• Recorded information:
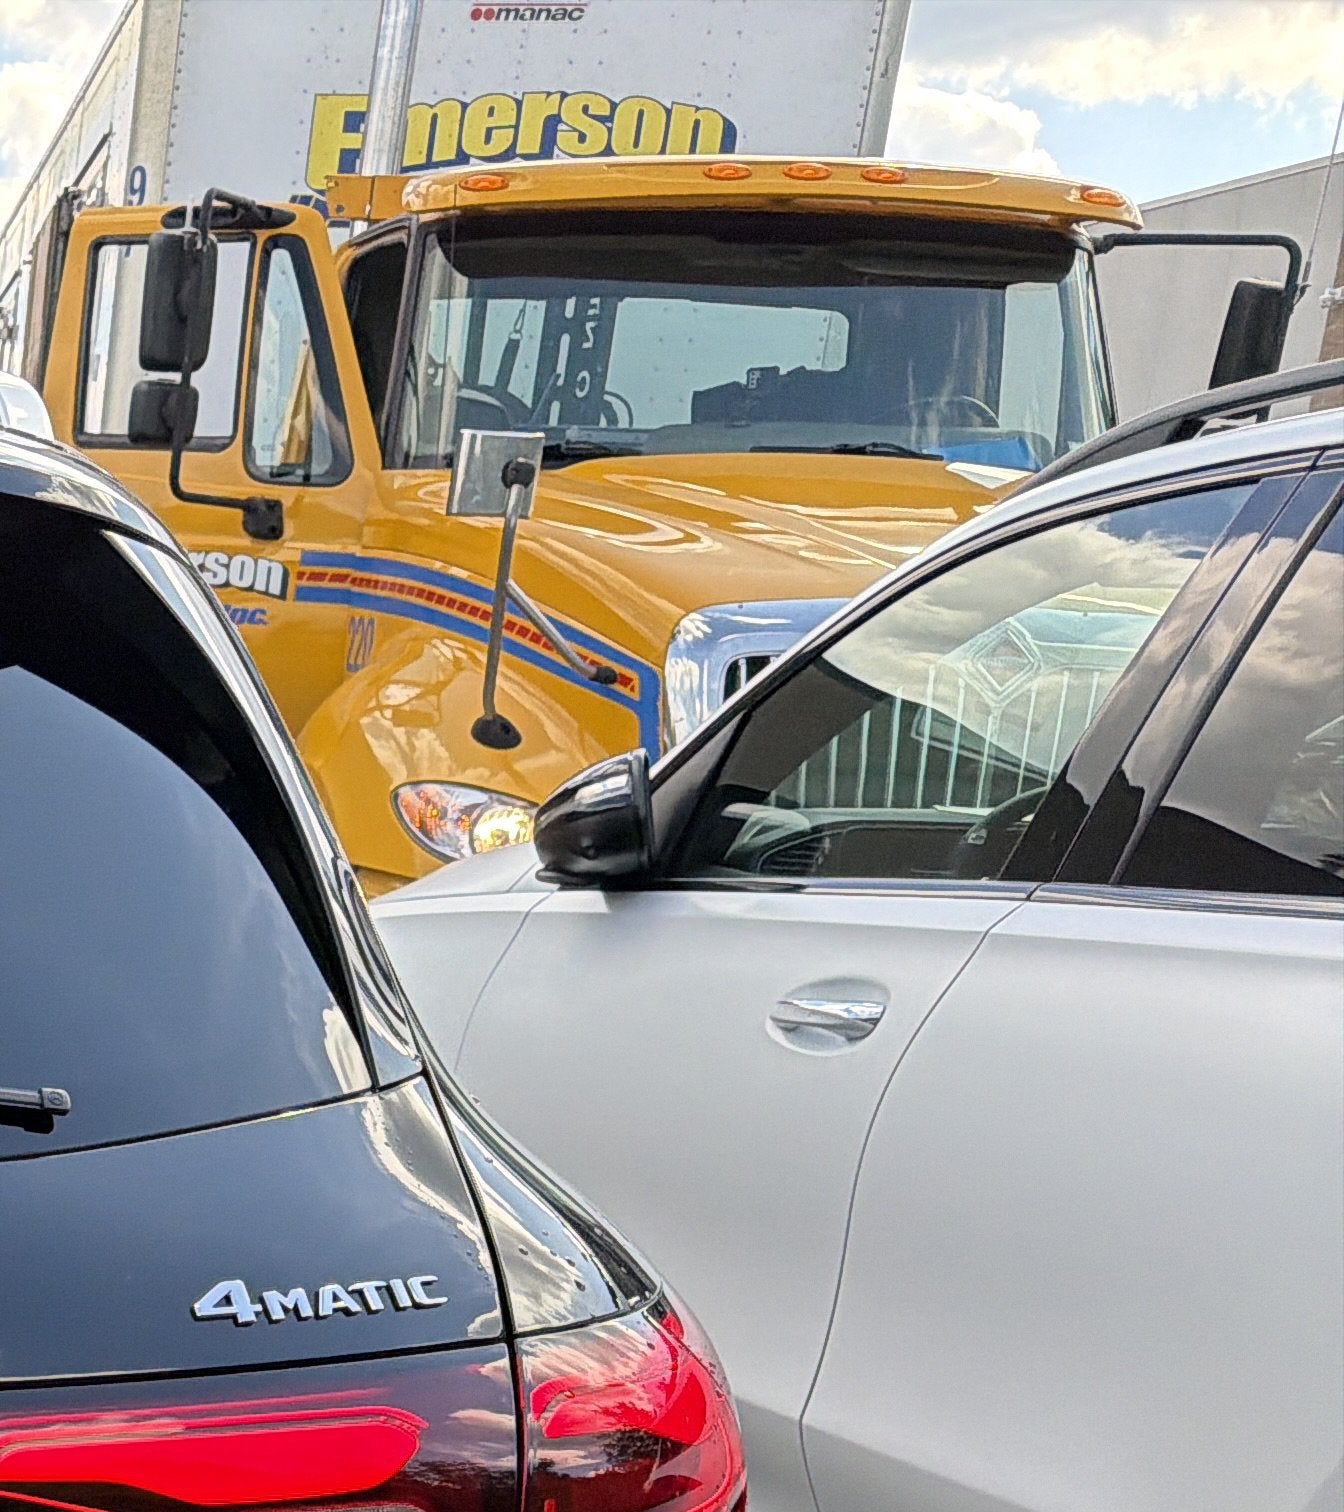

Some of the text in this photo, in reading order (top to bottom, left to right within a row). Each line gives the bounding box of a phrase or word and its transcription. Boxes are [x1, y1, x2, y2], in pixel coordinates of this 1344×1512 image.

[495, 7, 585, 21] manac
[306, 91, 737, 190] Emerson
[192, 1275, 449, 1327] 4MATIC
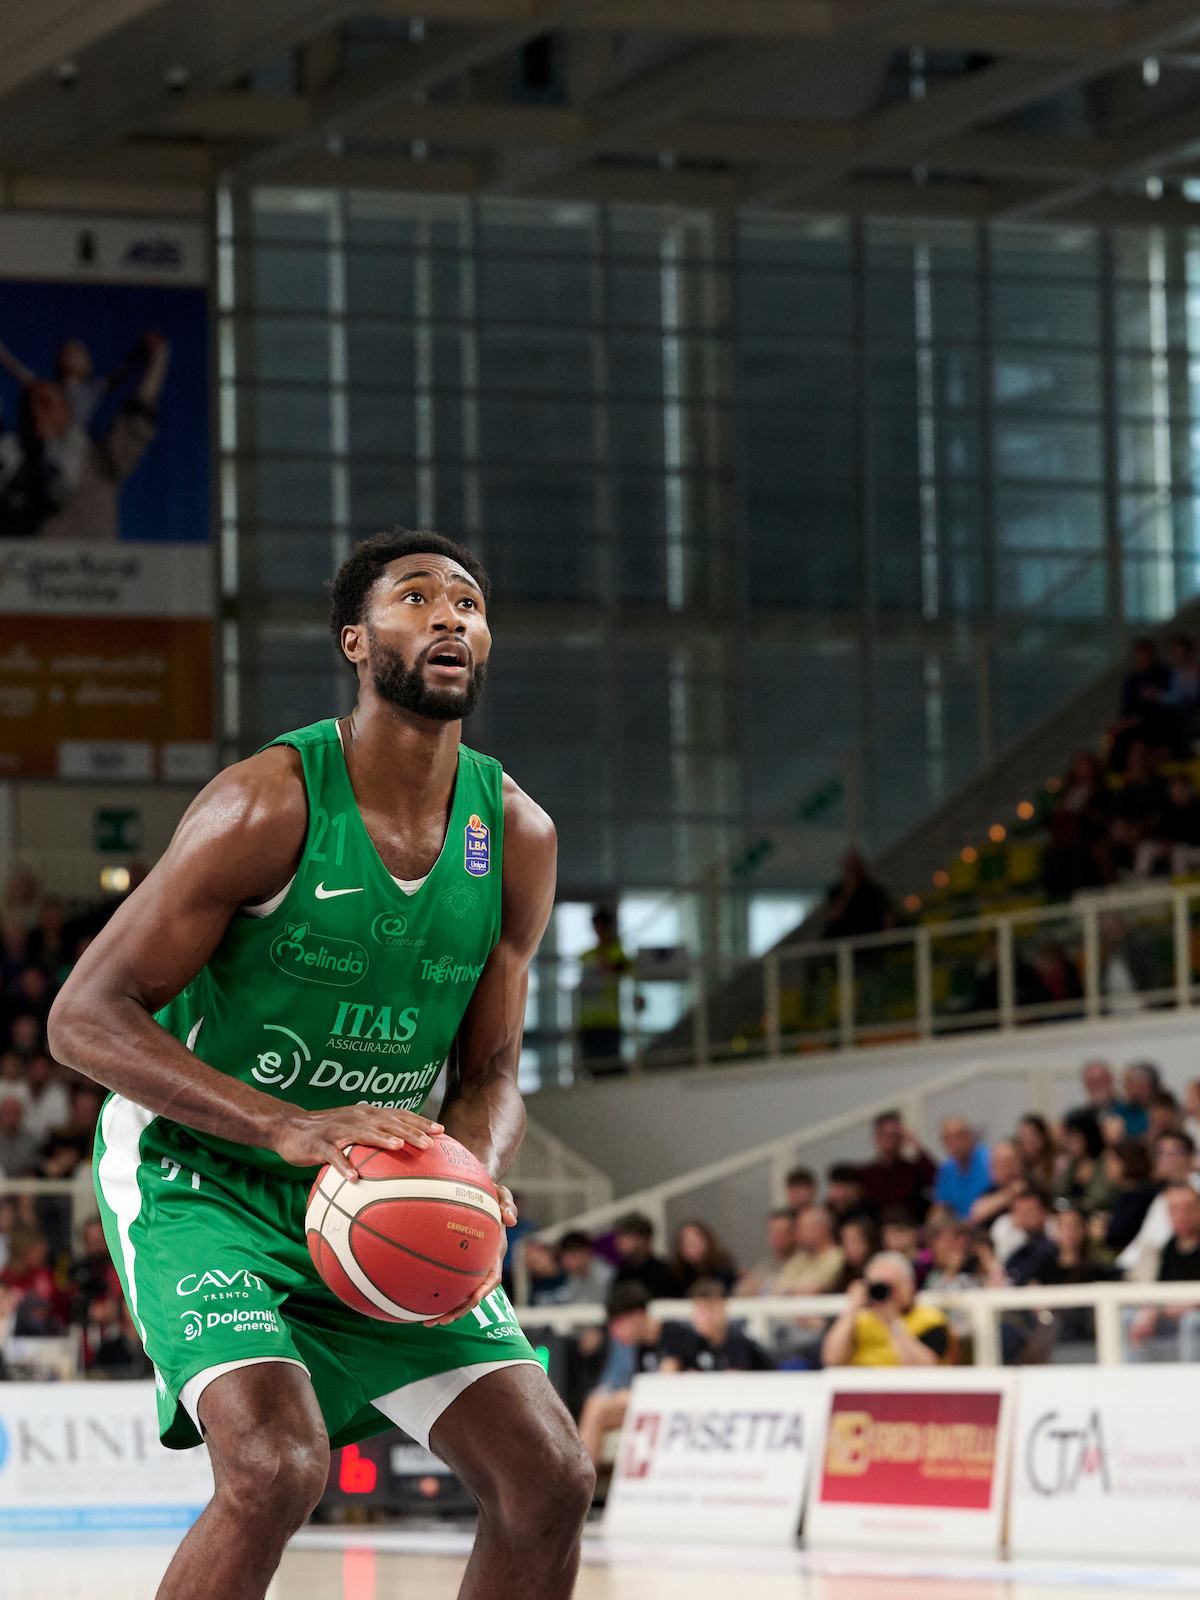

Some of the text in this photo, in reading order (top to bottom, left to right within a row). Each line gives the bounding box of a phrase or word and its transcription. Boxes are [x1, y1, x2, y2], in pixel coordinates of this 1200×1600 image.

[308, 807, 347, 866] 21
[468, 840, 487, 852] LBA
[386, 937, 427, 947] Corporate
[330, 1002, 419, 1041] ITAS
[326, 1038, 411, 1054] ASSICURAZIONI
[308, 1059, 440, 1094] Dolomiti
[356, 1092, 423, 1111] nergia
[176, 1269, 263, 1296] CAVIT
[203, 1292, 249, 1301] TRENTO
[207, 1309, 277, 1328] Dolomiti
[233, 1322, 279, 1333] energia
[664, 1411, 804, 1453] PISETTA
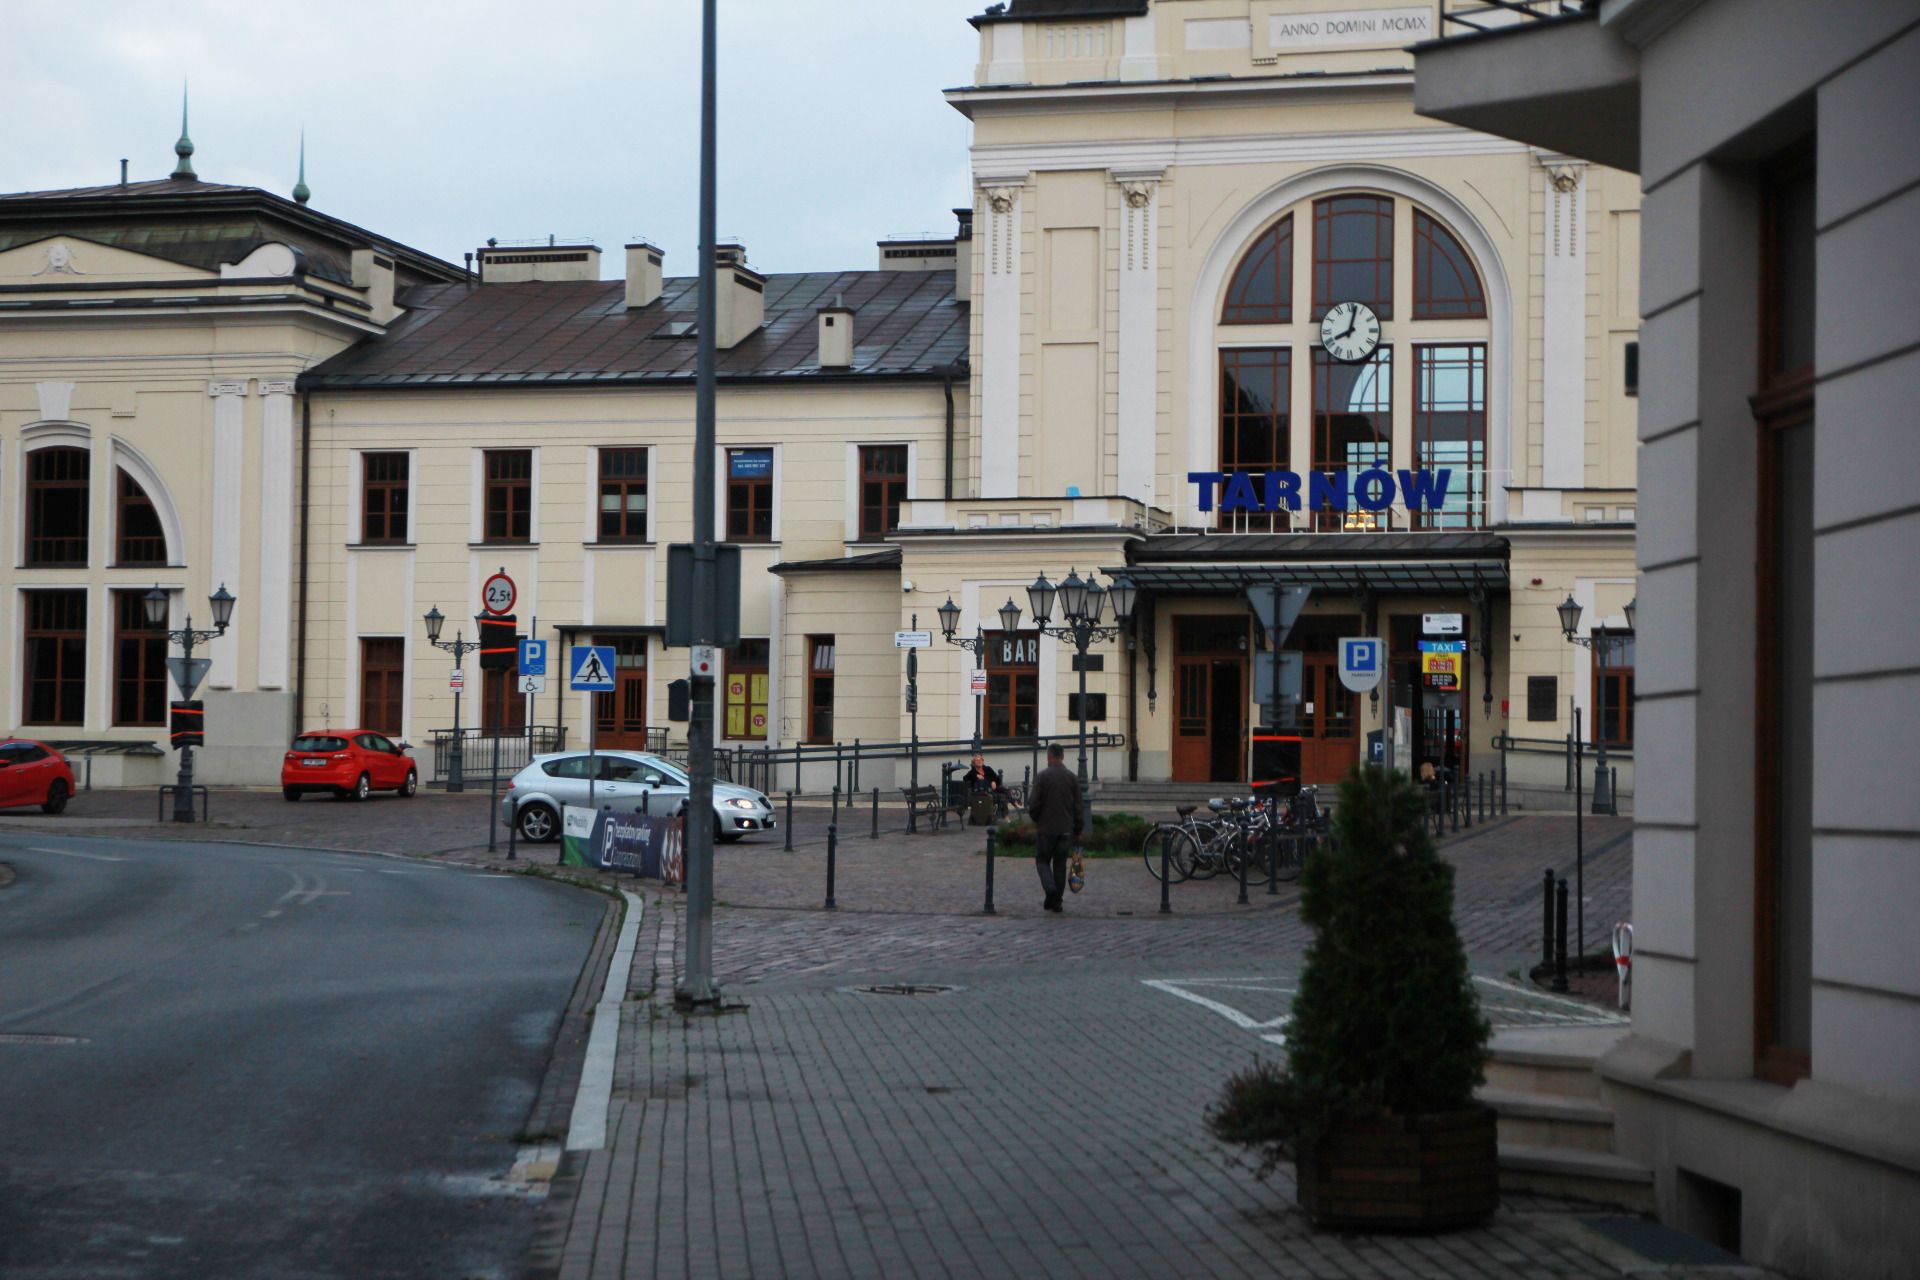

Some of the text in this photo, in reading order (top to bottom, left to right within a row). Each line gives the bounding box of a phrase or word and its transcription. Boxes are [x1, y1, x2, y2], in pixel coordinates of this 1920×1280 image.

• Your instructions: Exactly as written, restate all of the data, leaving out the images.

• Completed exercise:
Some of the text in this photo, in reading order (top to bottom, left to right within a row). Each line gives the bounding box of a phrase or word and its transcription. Boxes are [x1, y1, x2, y2], in pixel coordinates of this 1344×1512 image.

[495, 7, 585, 21] manac
[306, 91, 737, 190] Emerson
[192, 1275, 449, 1327] 4MATIC

Some of the text in this photo, in reading order (top to bottom, left to right within a row). Each line gives the bounding box of a phrase or word and its transcription. Boxes are [x1, y1, x2, y2], in pixel coordinates of this 1200×1600 image.

[308, 807, 347, 866] 21
[468, 840, 487, 852] LBA
[386, 937, 427, 947] Corporate
[330, 1002, 419, 1041] ITAS
[326, 1038, 411, 1054] ASSICURAZIONI
[308, 1059, 440, 1094] Dolomiti
[356, 1092, 423, 1111] nergia
[176, 1269, 263, 1296] CAVIT
[203, 1292, 249, 1301] TRENTO
[207, 1309, 277, 1328] Dolomiti
[233, 1322, 279, 1333] energia
[664, 1411, 804, 1453] PISETTA

Some of the text in this photo, in reading order (top to bottom, left to right within a row). Each line gives the bounding box of a phrase or word and its transcription. Boxes are [x1, y1, x2, y2], in pixel coordinates of this 1920×1280 image.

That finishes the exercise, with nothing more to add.